Actionable To-Do List:

  • Launch a small-yard initiative that continues and intensifies the Obama-era export control reforms to loosen or eliminate outdated controls or those on low priority products.
  • Beef up enforcement and monitoring on high priority technologies and products.

Priority 3: Build situation-specific coalitions with allies to control key technologies

The COVID-19 epidemic has put China in a negative light around the world, a political shift that has expanded support for multilateral controls that would not have passed even a year ago. The United States should capitalize on this trend and strengthen existing fora like the Wassenaar Arrangement, a multilateral agreement on technology controls established in the 1990s. But Washington should also build smaller coalitions of the willing with key suppliers of goods like semiconductors, where interests align in blocking import substituting industrial policy that aims to supplant foreign suppliers. All it would take to put controls on the majority of global SME exports is for Japan and the Netherlands, both US securities allies, to join US controls. If Korea and Taiwan joined, just under two-thirds of the global export market would be covered, according to forthcoming research from my PIIE colleague Chad P. Bown.

Actionable To-Do List:

  • Form informal working level commissions with allies of key exporters of strategic technologies to coordinate national export control policy where the Wassenaar Arrangement is too large or slow to fit the need.
  • Work with the European Union to coordinate US entity listings and new controls with the drive for autonomous controls on cyber-surveillance.
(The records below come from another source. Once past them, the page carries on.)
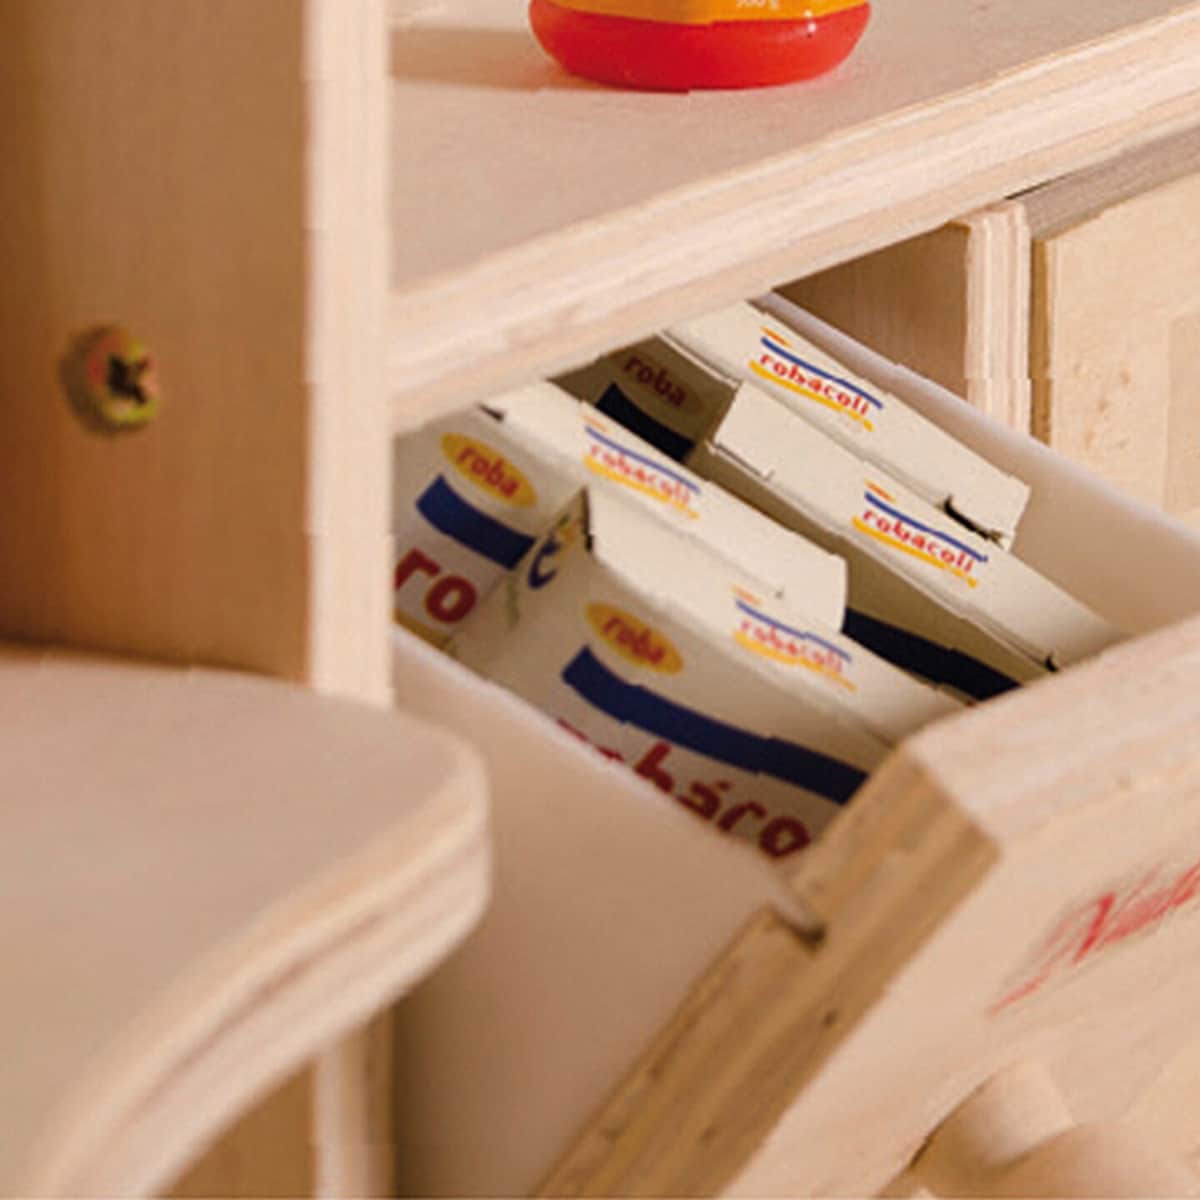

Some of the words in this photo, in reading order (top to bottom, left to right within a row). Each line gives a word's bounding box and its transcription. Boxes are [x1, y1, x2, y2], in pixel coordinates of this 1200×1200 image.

[624, 356, 687, 409] roba
[760, 353, 870, 416] robacoli
[455, 447, 519, 499] roba
[863, 508, 974, 573] robacoli
[601, 615, 668, 666] roba
Priority 4: Incentivize Chinese dependence on US technology and inputs well into the future by using the entity list more judiciously

The unprecedented rise in entity listings and rule changes that place restrictions without a clear path to removal through behavior changes has disrupted US-China relations, encouraging Chinese leaders and businesses to see the United States as an unreliable technology supplier. In the past, for example with ZTE, the Chinese company accused by the United States of selling banned technology to Iran and North Korea, the rationale for the company being added to the list was more clearly defined, as were the behavioral changes or deals that could get it removed.
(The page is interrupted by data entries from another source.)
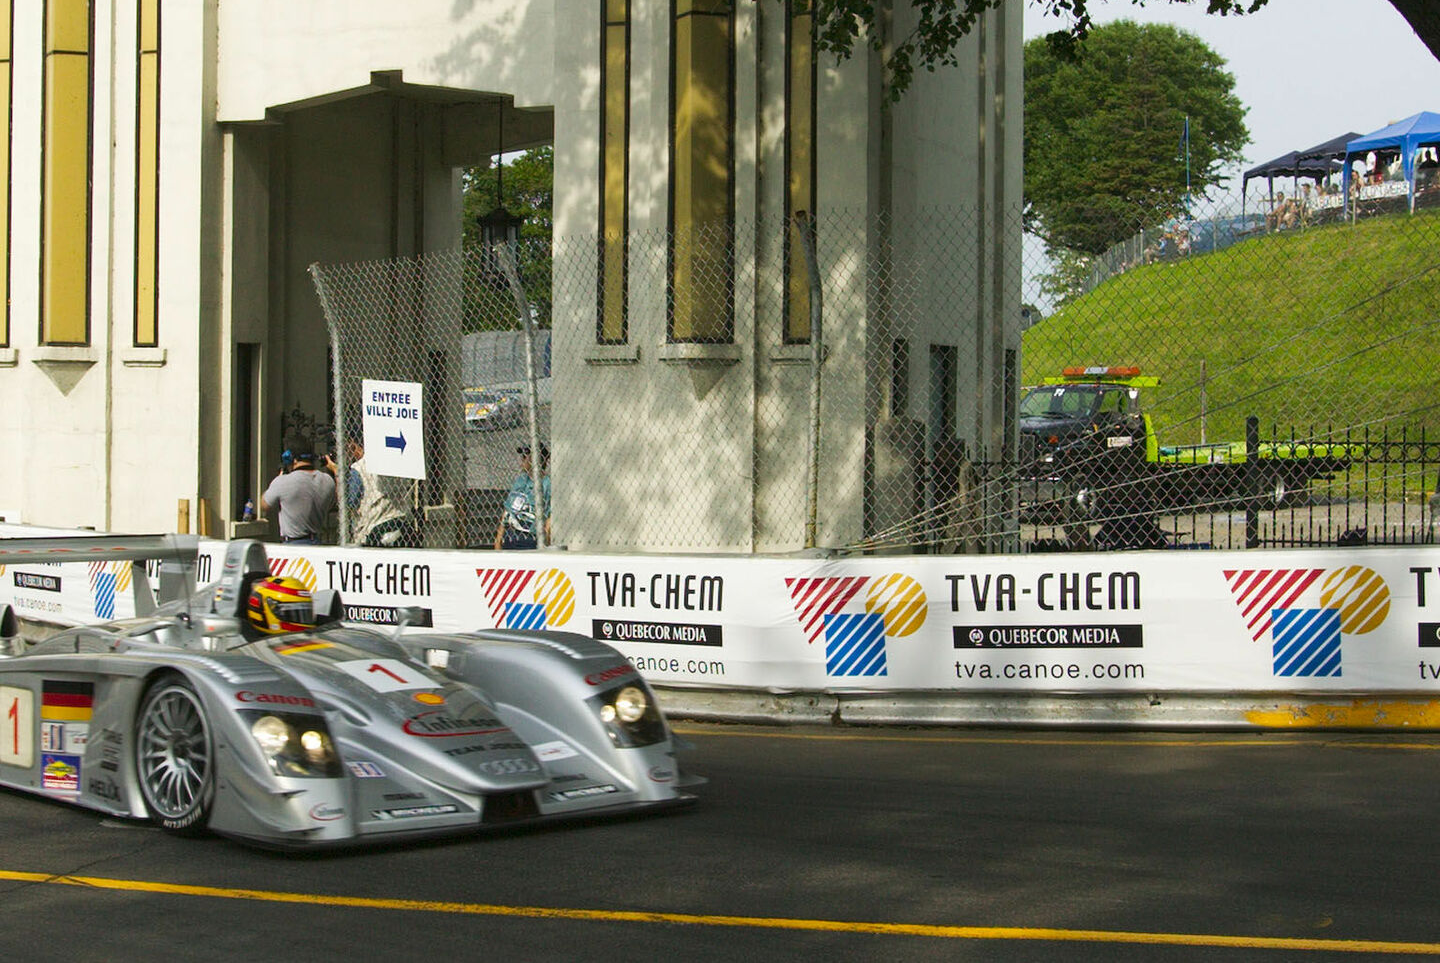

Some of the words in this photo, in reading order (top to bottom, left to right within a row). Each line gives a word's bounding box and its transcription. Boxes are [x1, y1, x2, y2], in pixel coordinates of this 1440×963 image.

[366, 405, 393, 418] VILLE
[396, 407, 419, 420] JOIE
[325, 560, 431, 597] TVA-CHEM
[587, 571, 724, 612] TVA-CHEM
[945, 571, 1141, 612] TVA-CHEM
[348, 606, 392, 623] QUEBECOR
[616, 622, 675, 642] QUEBECOR
[672, 625, 707, 642] MEDIA
[989, 628, 1069, 646] QUEBECOR
[1072, 627, 1121, 645] MEDIA
[368, 663, 409, 684] 1
[954, 660, 1145, 679] tva.canoe.com
[235, 690, 316, 708] Canon
[8, 697, 19, 756] 1
The latest export control policy has put American firms at a competitive disadvantage in the Chinese market and incentivized China to double down on self-sufficiency. Both US and foreign firms have reported privately that Chinese buyers, even those not in sensitive sectors, are requiring certification that their supply chains are outside the reach of US export controls. China’s concerns are encouraging foreign firms to eliminate American participation in global supply chains. Any security advantage from this change in policy has come with a cost. The United States is reducing its ability to understand Chinese capabilities and weakened its control over technology access that occurs when Chinese firms rely on US technology.

Actionable To-Do List:

  • Be careful about using the entity list as a symbolic gesture against firms over which the United States lacks leverage.
  • Provide clear paths to exit from the entity list for firms on it to incentivize changes in behavior.
  • Use licensing to gather data on China’s technology capabilities, rather than denials that force self-sufficiency.

Download the pdf


1.  Lee G. Branstetter, Britta Glennon, and J. Bradford Jensen, 2019, The Rise of Global Innovation by US Multinationals Poses Risks and Opportunities, PIIE Policy Brief 19-9, Washington: Peterson Institute for International Economics.

2. Concept originally formulated by former Secretary of Defense Robert Gates.